#### [What is needed]
Verbatim output of the lines below is required, with the images omitted.

#### [Recorded data]
================================
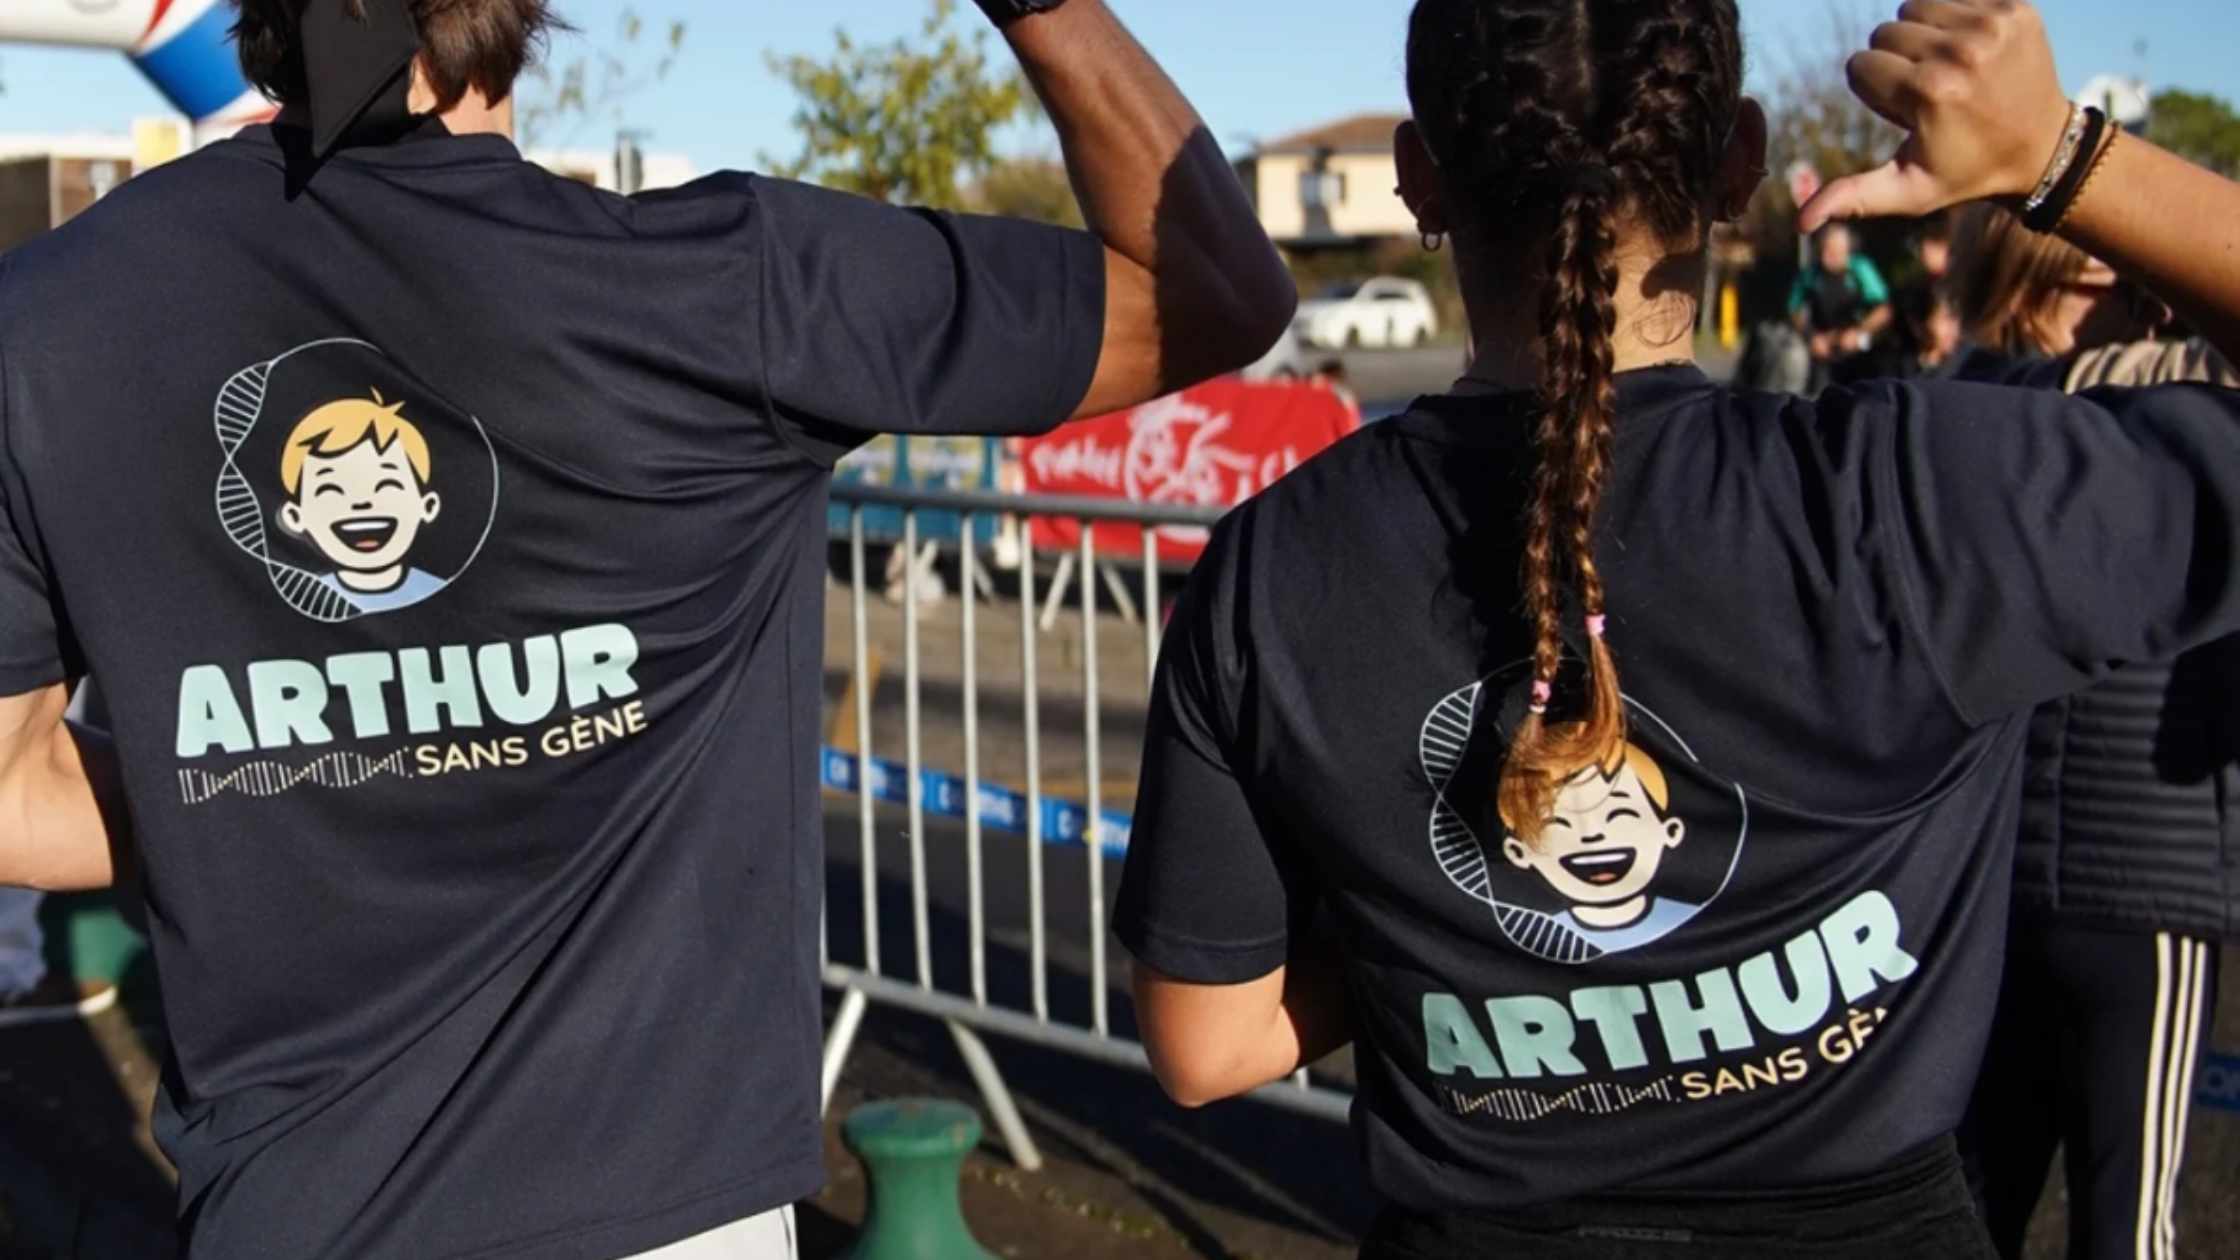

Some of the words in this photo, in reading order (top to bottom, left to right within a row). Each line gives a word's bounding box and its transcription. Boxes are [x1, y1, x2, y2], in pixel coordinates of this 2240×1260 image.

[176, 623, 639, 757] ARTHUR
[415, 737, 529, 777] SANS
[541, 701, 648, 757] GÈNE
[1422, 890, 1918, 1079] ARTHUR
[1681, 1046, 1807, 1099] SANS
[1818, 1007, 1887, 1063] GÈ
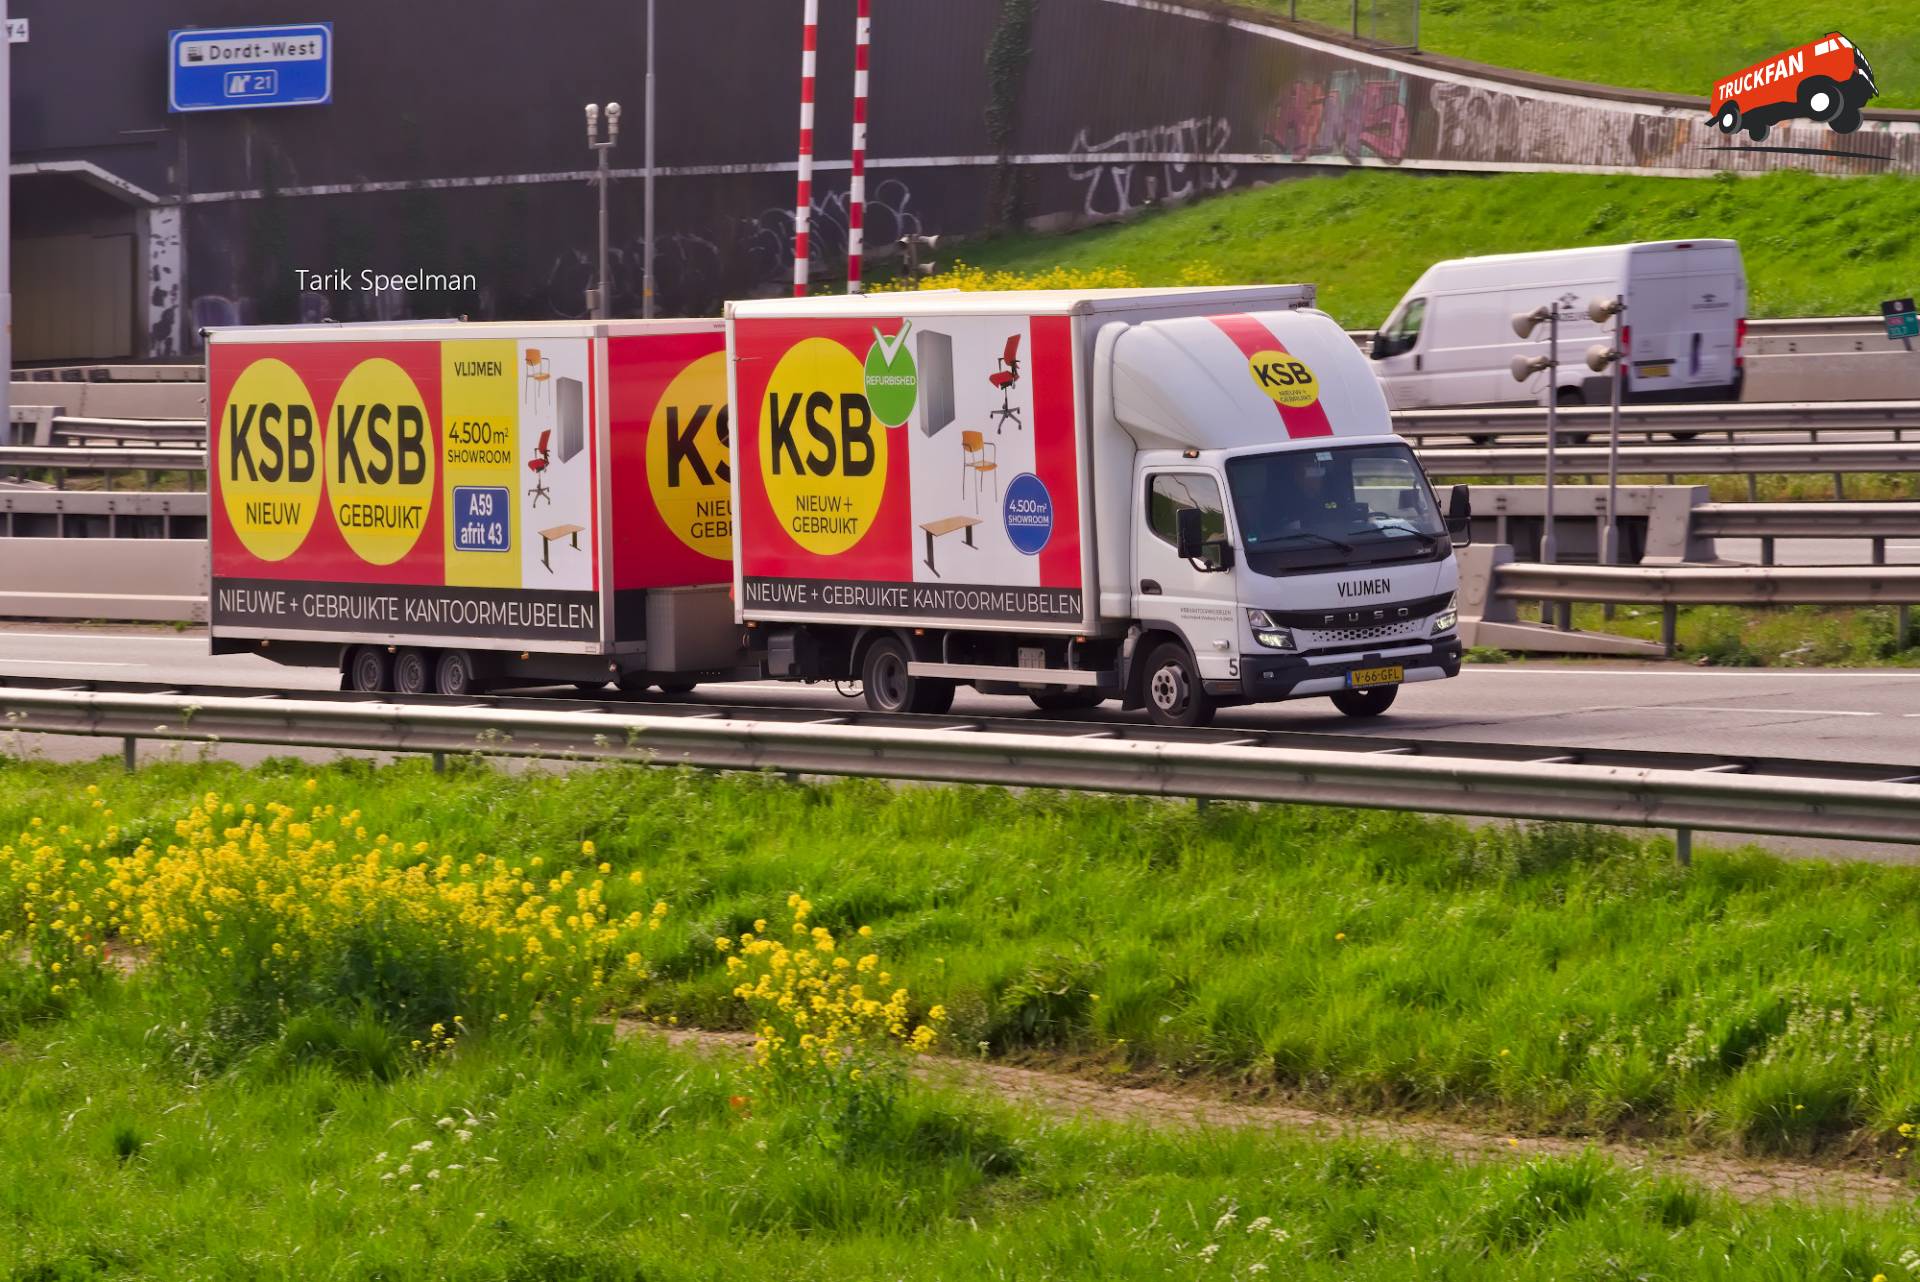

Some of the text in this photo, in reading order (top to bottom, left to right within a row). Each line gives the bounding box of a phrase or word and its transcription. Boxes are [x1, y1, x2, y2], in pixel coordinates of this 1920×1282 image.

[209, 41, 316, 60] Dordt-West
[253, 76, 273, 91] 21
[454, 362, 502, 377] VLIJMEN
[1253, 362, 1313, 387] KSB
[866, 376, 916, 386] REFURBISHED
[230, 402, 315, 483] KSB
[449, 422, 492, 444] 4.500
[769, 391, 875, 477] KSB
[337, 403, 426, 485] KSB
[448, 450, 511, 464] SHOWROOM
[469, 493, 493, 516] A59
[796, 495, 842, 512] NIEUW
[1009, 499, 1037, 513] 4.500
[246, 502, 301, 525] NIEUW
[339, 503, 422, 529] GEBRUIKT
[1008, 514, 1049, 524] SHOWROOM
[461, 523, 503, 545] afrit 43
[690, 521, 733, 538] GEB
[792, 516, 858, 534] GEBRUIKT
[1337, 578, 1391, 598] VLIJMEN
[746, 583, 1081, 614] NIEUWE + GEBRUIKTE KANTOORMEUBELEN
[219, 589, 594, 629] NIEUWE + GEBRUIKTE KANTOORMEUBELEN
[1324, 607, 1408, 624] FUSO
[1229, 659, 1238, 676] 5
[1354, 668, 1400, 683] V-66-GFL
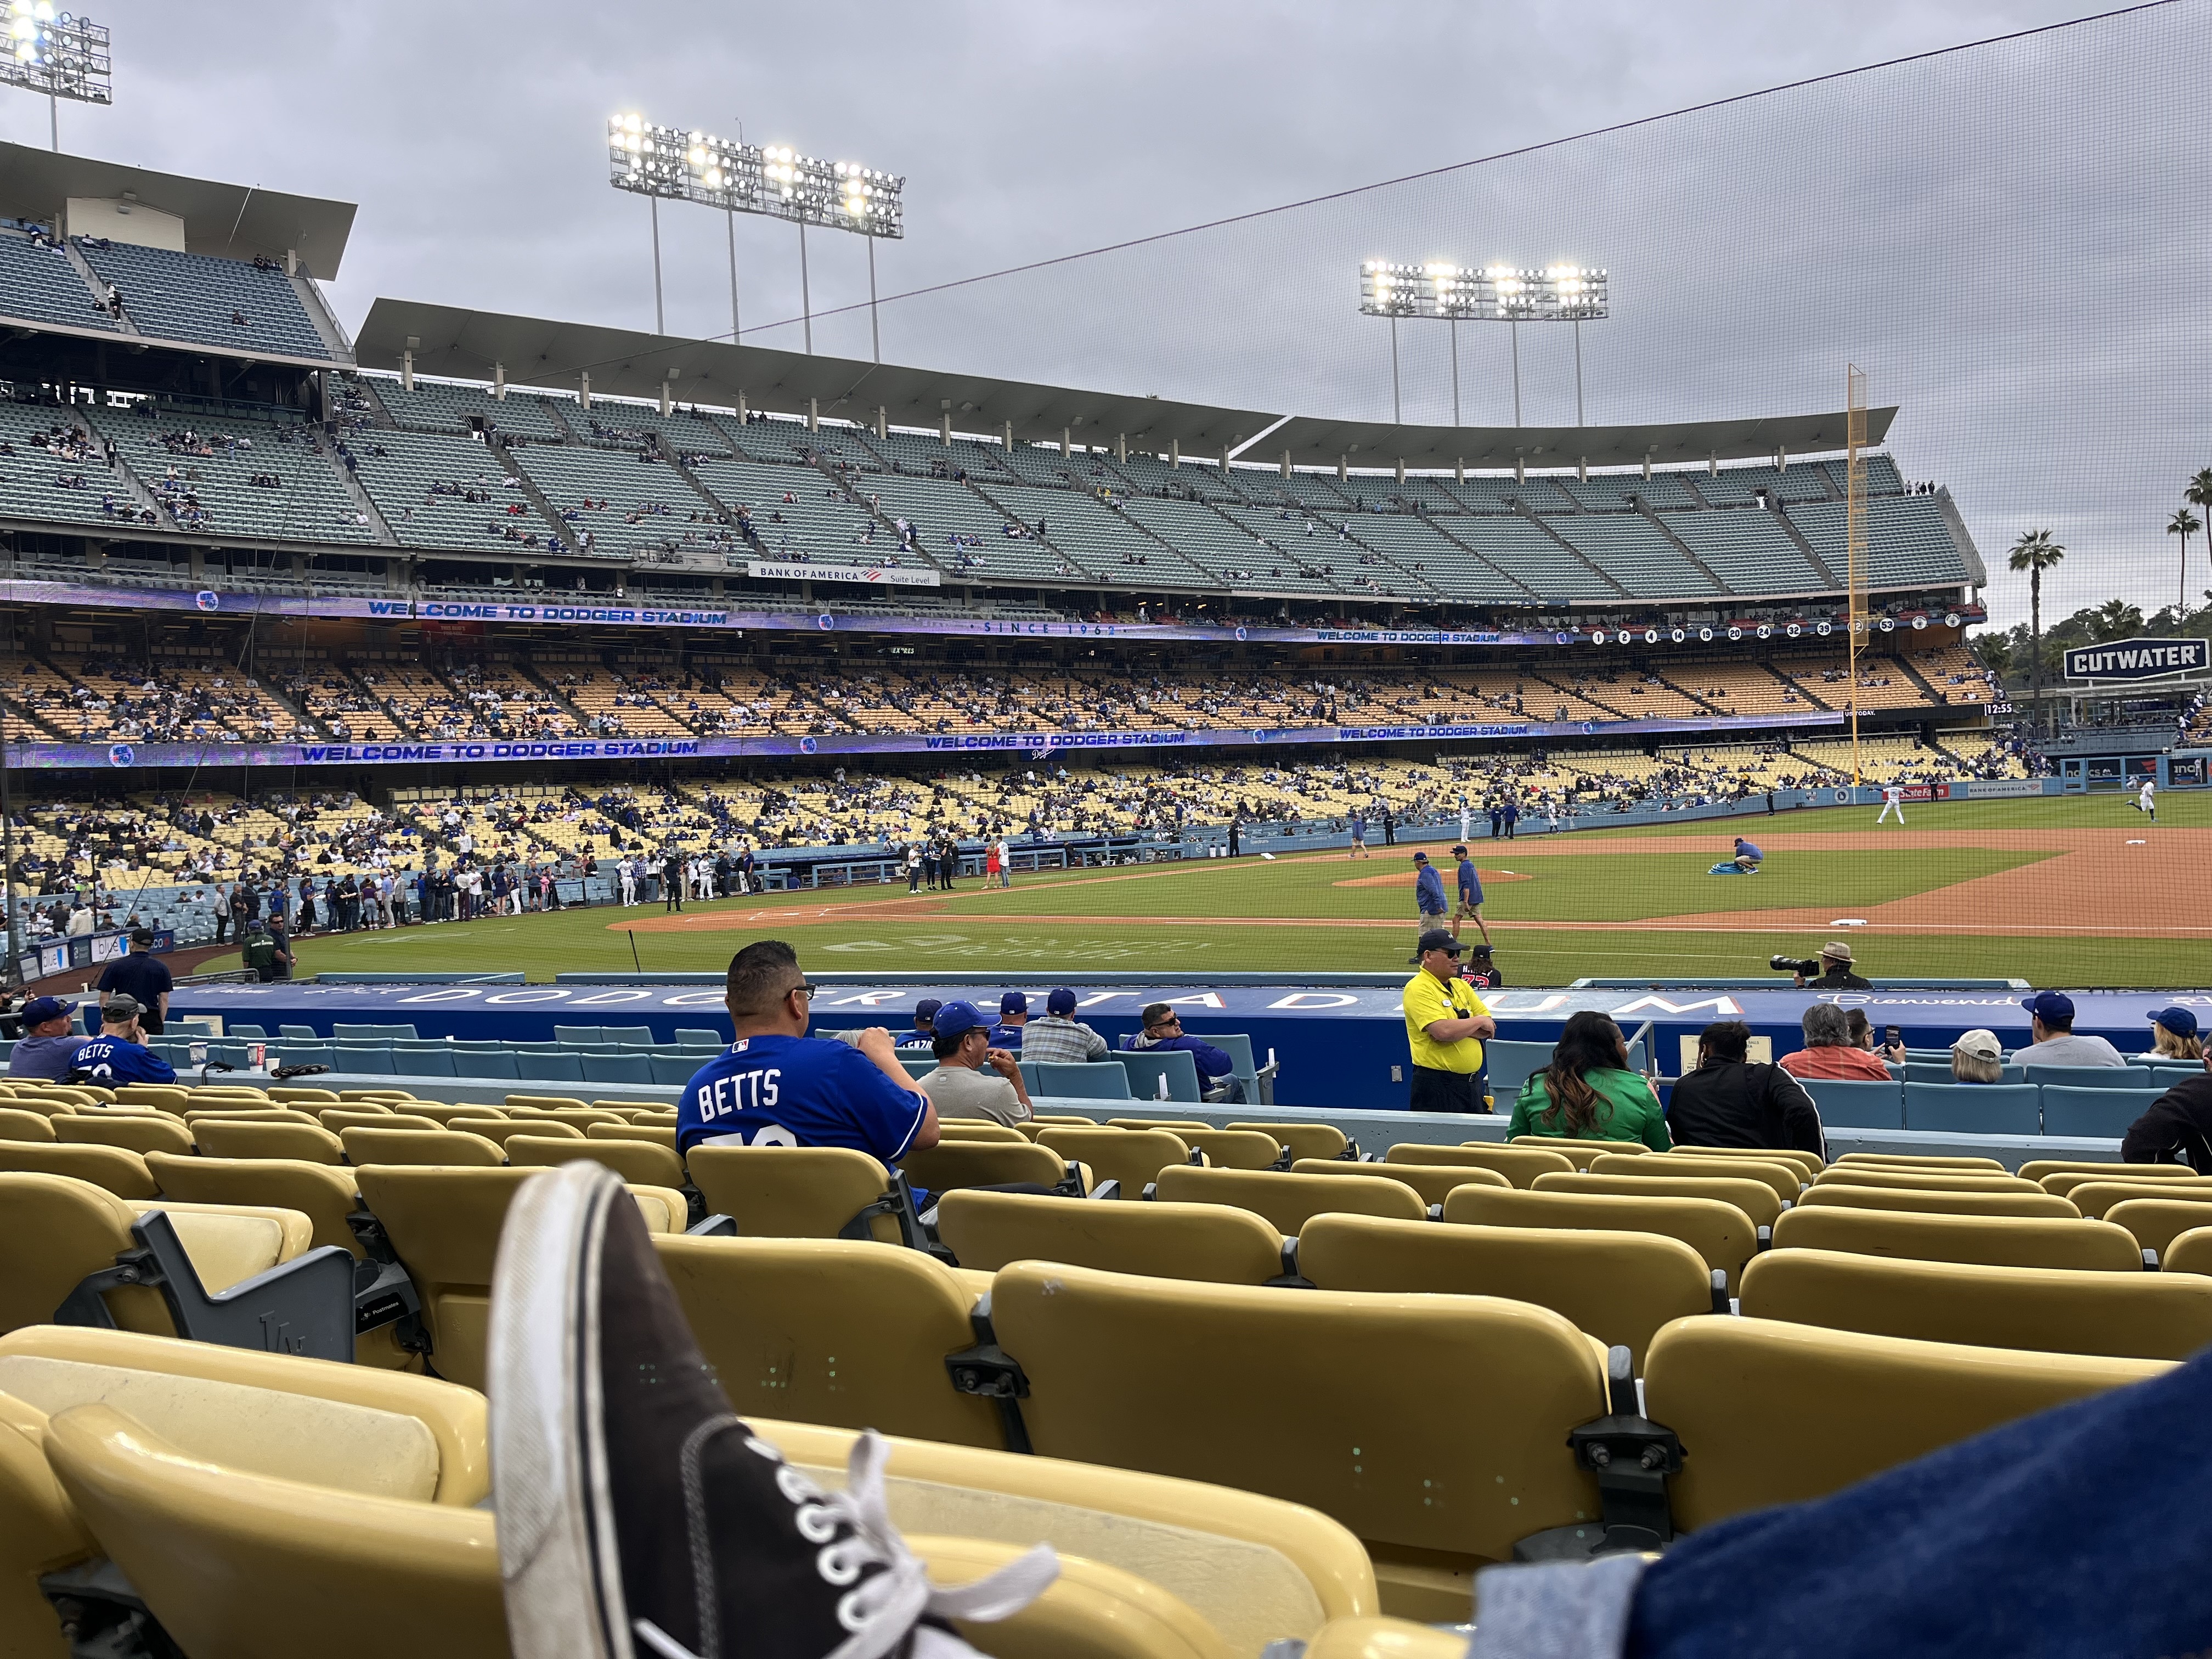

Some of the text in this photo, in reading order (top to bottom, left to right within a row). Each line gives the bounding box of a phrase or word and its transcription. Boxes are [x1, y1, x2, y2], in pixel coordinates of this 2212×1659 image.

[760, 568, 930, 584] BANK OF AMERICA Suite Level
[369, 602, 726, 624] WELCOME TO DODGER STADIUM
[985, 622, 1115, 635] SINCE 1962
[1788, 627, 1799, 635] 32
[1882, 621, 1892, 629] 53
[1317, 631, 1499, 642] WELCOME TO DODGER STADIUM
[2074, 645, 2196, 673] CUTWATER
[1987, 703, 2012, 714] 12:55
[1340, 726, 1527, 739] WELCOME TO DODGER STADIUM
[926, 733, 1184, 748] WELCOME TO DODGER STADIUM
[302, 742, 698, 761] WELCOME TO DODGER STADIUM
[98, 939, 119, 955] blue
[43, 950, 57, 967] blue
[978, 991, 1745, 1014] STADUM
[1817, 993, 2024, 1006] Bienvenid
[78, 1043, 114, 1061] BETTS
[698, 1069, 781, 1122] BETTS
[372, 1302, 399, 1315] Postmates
================================
#### [Reply to the task]
Some of the words in this photo, in reading order (top to bottom, left to right within a row). Each line gives a word's bounding box and its transcription. Boxes are [x1, y1, x2, y2], in pixel coordinates of this 2240×1260 image.

[176, 623, 639, 757] ARTHUR
[415, 737, 529, 777] SANS
[541, 701, 648, 757] GÈNE
[1422, 890, 1918, 1079] ARTHUR
[1681, 1046, 1807, 1099] SANS
[1818, 1007, 1887, 1063] GÈ

Some of the text in this photo, in reading order (top to bottom, left to right within a row). Each line gives the bounding box of a phrase or word and its transcription. Boxes are [x1, y1, x2, y2], in pixel coordinates of this 1920×1282 image.

[209, 41, 316, 60] Dordt-West
[253, 76, 273, 91] 21
[454, 362, 502, 377] VLIJMEN
[1253, 362, 1313, 387] KSB
[866, 376, 916, 386] REFURBISHED
[230, 402, 315, 483] KSB
[449, 422, 492, 444] 4.500
[769, 391, 875, 477] KSB
[337, 403, 426, 485] KSB
[448, 450, 511, 464] SHOWROOM
[469, 493, 493, 516] A59
[796, 495, 842, 512] NIEUW
[1009, 499, 1037, 513] 4.500
[246, 502, 301, 525] NIEUW
[339, 503, 422, 529] GEBRUIKT
[1008, 514, 1049, 524] SHOWROOM
[461, 523, 503, 545] afrit 43
[690, 521, 733, 538] GEB
[792, 516, 858, 534] GEBRUIKT
[1337, 578, 1391, 598] VLIJMEN
[746, 583, 1081, 614] NIEUWE + GEBRUIKTE KANTOORMEUBELEN
[219, 589, 594, 629] NIEUWE + GEBRUIKTE KANTOORMEUBELEN
[1324, 607, 1408, 624] FUSO
[1229, 659, 1238, 676] 5
[1354, 668, 1400, 683] V-66-GFL

Some of the text in this photo, in reading order (top to bottom, left to right within a row). Each line gives the bounding box of a phrase or word and its transcription. Boxes are [x1, y1, x2, y2], in pixel coordinates of this 2212×1659 image.

[760, 568, 930, 584] BANK OF AMERICA Suite Level
[369, 602, 726, 624] WELCOME TO DODGER STADIUM
[985, 622, 1115, 635] SINCE 1962
[1788, 627, 1799, 635] 32
[1882, 621, 1892, 629] 53
[1317, 631, 1499, 642] WELCOME TO DODGER STADIUM
[2074, 645, 2196, 673] CUTWATER
[1987, 703, 2012, 714] 12:55
[1340, 726, 1527, 739] WELCOME TO DODGER STADIUM
[926, 733, 1184, 748] WELCOME TO DODGER STADIUM
[302, 742, 698, 761] WELCOME TO DODGER STADIUM
[98, 939, 119, 955] blue
[43, 950, 57, 967] blue
[978, 991, 1745, 1014] STADUM
[1817, 993, 2024, 1006] Bienvenid
[78, 1043, 114, 1061] BETTS
[698, 1069, 781, 1122] BETTS
[372, 1302, 399, 1315] Postmates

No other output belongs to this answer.